Top of Supplied records
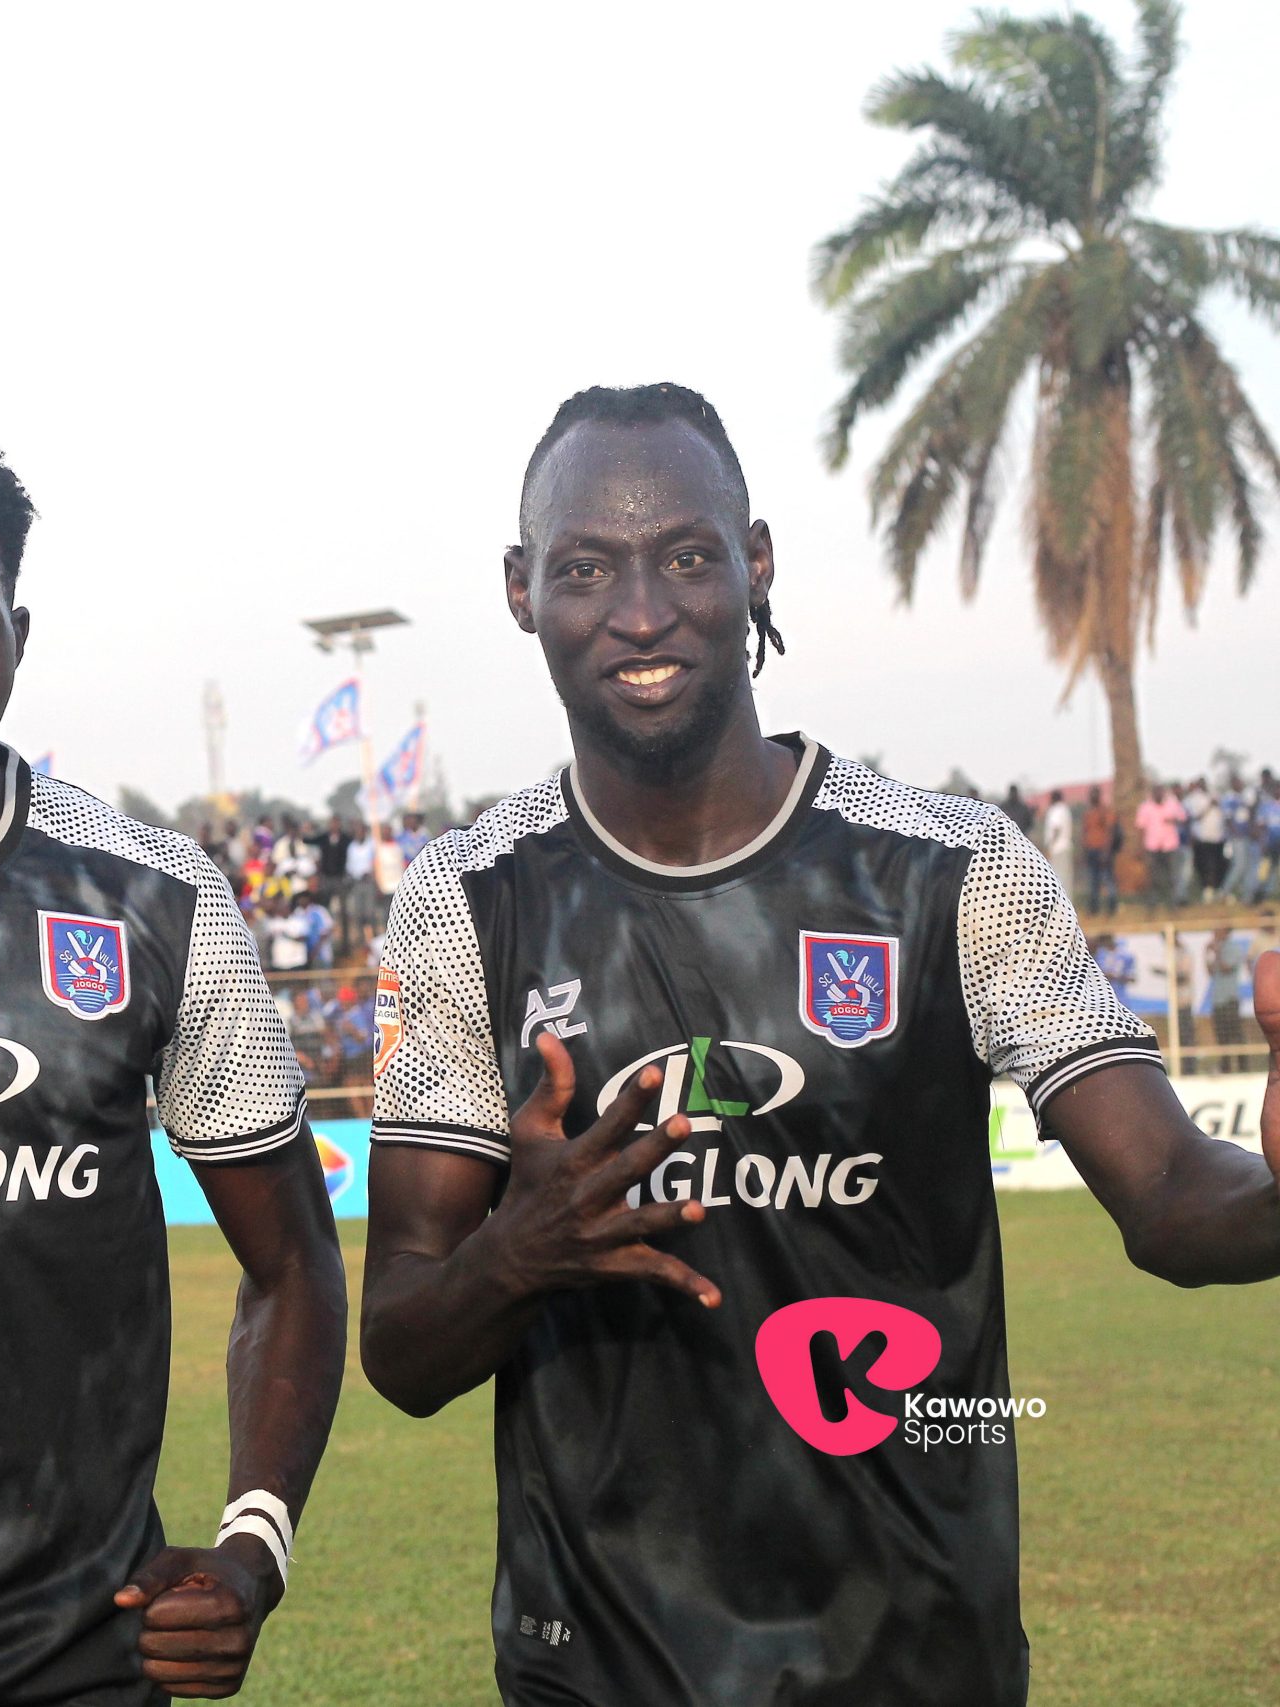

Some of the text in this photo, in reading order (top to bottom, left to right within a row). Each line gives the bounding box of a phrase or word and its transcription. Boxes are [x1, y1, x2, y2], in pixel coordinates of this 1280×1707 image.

[60, 949, 119, 974] SC VILLA
[75, 980, 104, 991] JOGOO
[819, 972, 885, 998] SC VILLA
[374, 1009, 400, 1020] EAGUE
[833, 1006, 866, 1015] JOGOO
[625, 1148, 884, 1210] GLONG
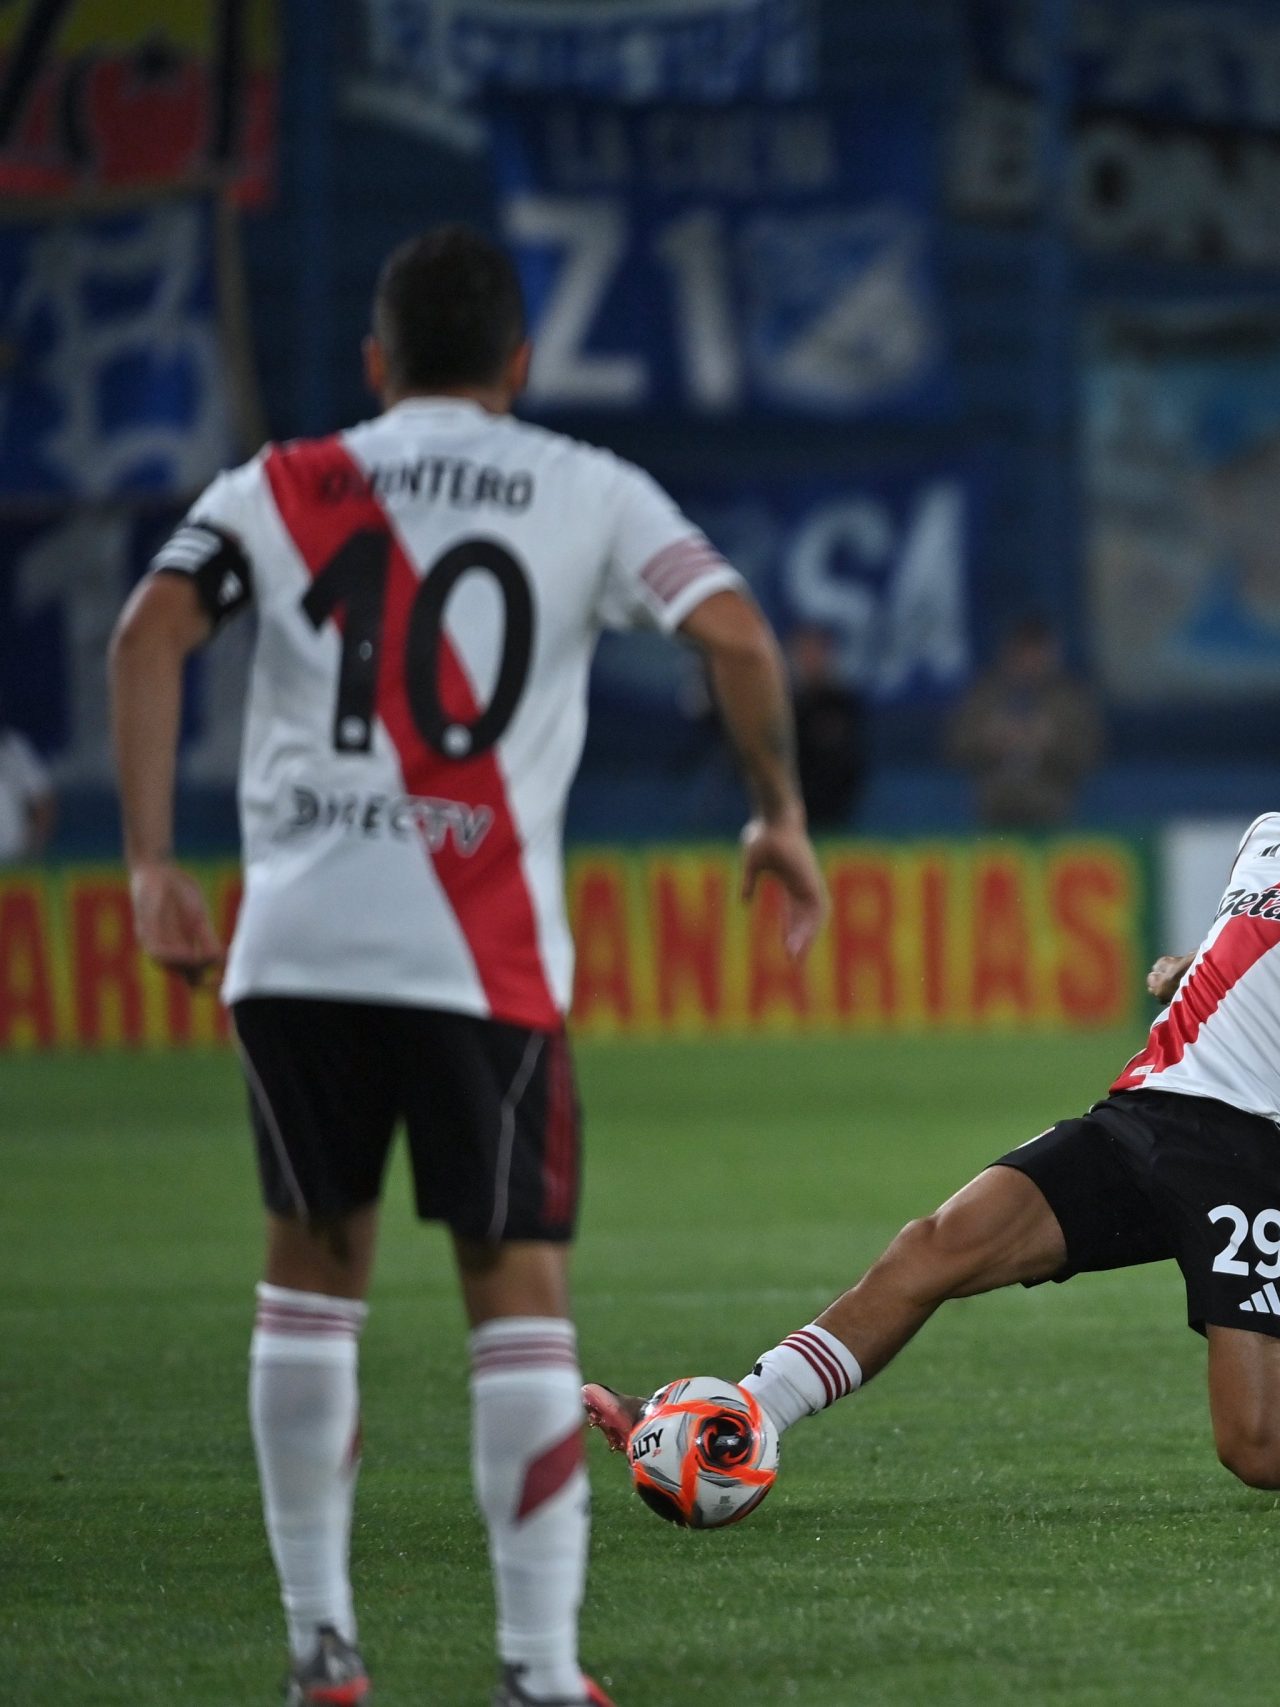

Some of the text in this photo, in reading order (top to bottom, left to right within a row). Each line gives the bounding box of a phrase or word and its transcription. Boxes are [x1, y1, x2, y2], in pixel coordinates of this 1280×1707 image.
Bottom of Supplied records
* _Description of the task_
Set down every entry above again exactly, dropping each picture.

* _Response box_
Some of the text in this photo, in reading order (top to bottom, left to right within a row). Each line gives the bounding box of a phrase or word and its transcription. Boxes are [x1, y1, x2, y2], in pixel coordinates of this 1280×1707 image.

[60, 949, 119, 974] SC VILLA
[75, 980, 104, 991] JOGOO
[819, 972, 885, 998] SC VILLA
[374, 1009, 400, 1020] EAGUE
[833, 1006, 866, 1015] JOGOO
[625, 1148, 884, 1210] GLONG

Some of the text in this photo, in reading order (top to bottom, left to right within a row). Each line gives the bounding box of a phrase or word and its transcription. Boxes are [x1, y1, x2, y2], in pixel coordinates of this 1280×1707 image.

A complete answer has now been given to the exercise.